Her small pipe is as the maiden’s organ, sound and shrill,

And all is semblative a woman’s part.’

“If we should be detected, I know not what punishment may be inflicted by the Draco-laws of these saints: a public whipping of poor Rosa—cropping of my ears—imprisonment—perhaps death, if, peradventure, some authority therefor should be found in the statutes of the land; that is to say, in the old Jewish records.

“But why expose myself to such peril? Ah, Wilton, you would not ask why if you could see my enchantress; but, without seeing her, no man knows better than you that

“ ‘Love is a sweet intice,

’Gainst whom the wisest wits as yet

Have never found devise.’

“If I could but persuade Rosa to be prudent till we may both cast off these odious disguises; but she disdains all caution, and fears nothing but being supplanted in my favour.

“She is still in the fever of love—all eye and ear—irritable, jealous, watchful, and suspicious. One moment passionate, and the next dissolved in tears. So intense a flame must purify or consume the sentiment her beauty inspired; it cannot be purified, and—the alternative—it is consumed.
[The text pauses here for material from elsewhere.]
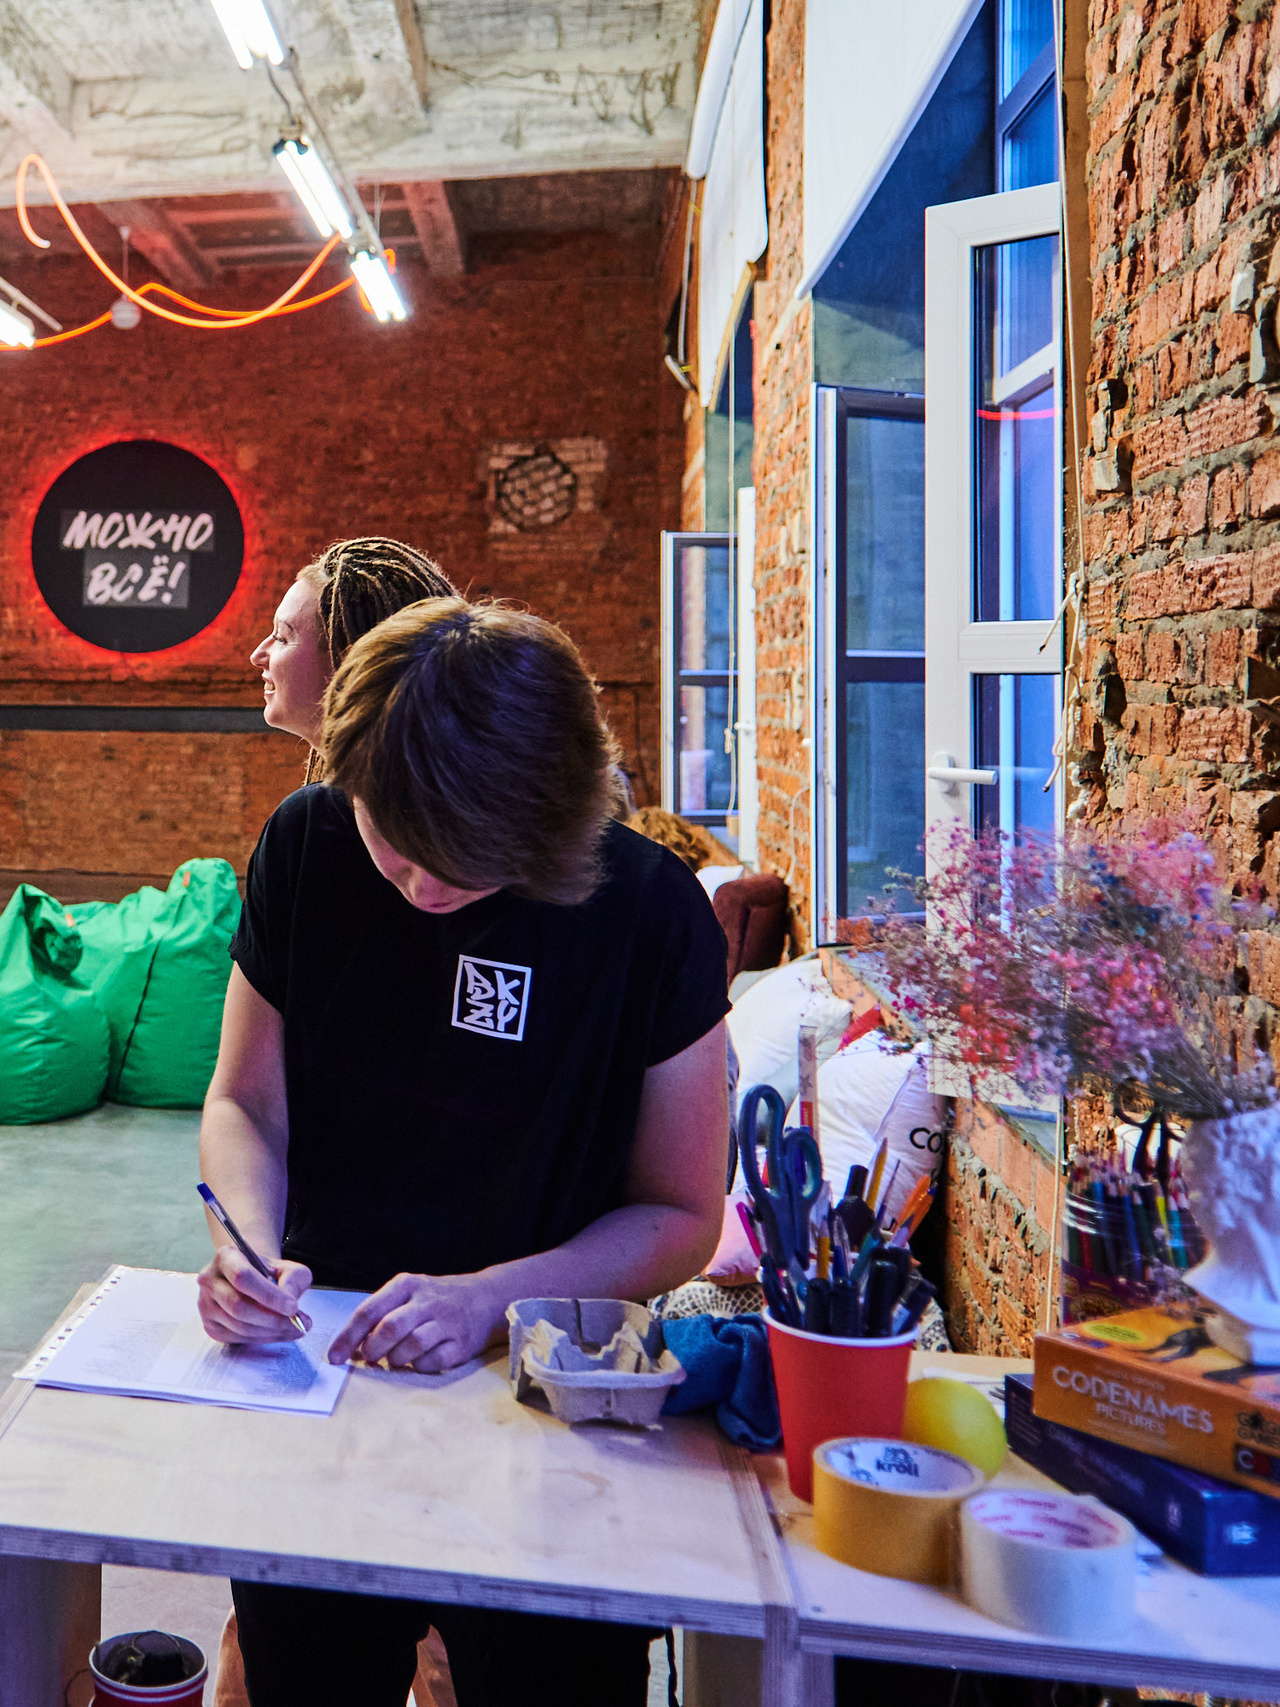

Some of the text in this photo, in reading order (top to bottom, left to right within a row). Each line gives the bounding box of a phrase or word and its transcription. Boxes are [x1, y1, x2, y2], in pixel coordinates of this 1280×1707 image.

“I cannot rid myself of her, I cannot control her, and in this jeopardy I stand; but I abandon all to my destiny. Even Jupiter, you know, was ruled by fate. It is folly to attempt to shape the events of life; as easily might we direct the course of the stars: those very stars, perhaps, govern the accidents of our being. The stars—destiny—Providence, what are they all but various terms for the same invisible, irresistible agency? But Heaven forbid I should lose myself in the bewildering mazes of these high speculations! It is enough for me that I am a knight of the Holy Sepulchre, that I wear my crucifix, pray to all the saints, and eat no flesh on Fridays. By-the-way, on the very first day of my arrival here, I came nigh to winning the crown of martyrdom by my saintly obedience to the canons of Holy Church. The Leslie, in simplicity or mischief, remarked on my confining myself to fish on Friday; rebel conscience, in spite of me, tinged my cheeks; but, thanks to my garb of hypocrisy—panoply of steel never did better service—the light thrust glanced off and left me unharmed.

“You and I, Wilton, are too old to make, like dreaming boys, an El Dorado of our future, and you will ask me what are my rational chances of success in my present enterprise. I will not remind you of success on former similar occasions, for my vanity has been abated of its presumption this very evening by the indifference, real or affected, of this little sprite.

“Ladies must have lovers—idols must have worshippers, or they are no longer idols. I have but one rival here, and he, I think, is appointed by his wise guardians to another destiny; and being a right dutiful youth, he, no doubt, with management, and good fortune on my part, may be made to surrender his preference (which, by-the-way, is quite obvious), and pass under the yoke of authority. Besides, the helpmate selected by these judges in Israel for the good youth might be, if she were a little less saint and more woman, a queen of love and beauty. But she is not to my taste. I covet not smiles cold as a sunbeam on Arctic snows. Nothing in life is duller than mathematical virtue; nothing more paralyzing to the imagination than unaffected prudery. I detest a woman like a walled city, that can never be approached without your being reminded that it is inaccessible; a woman whose measured, premeditated words sound always like the sentinel-cry, ‘All is well!’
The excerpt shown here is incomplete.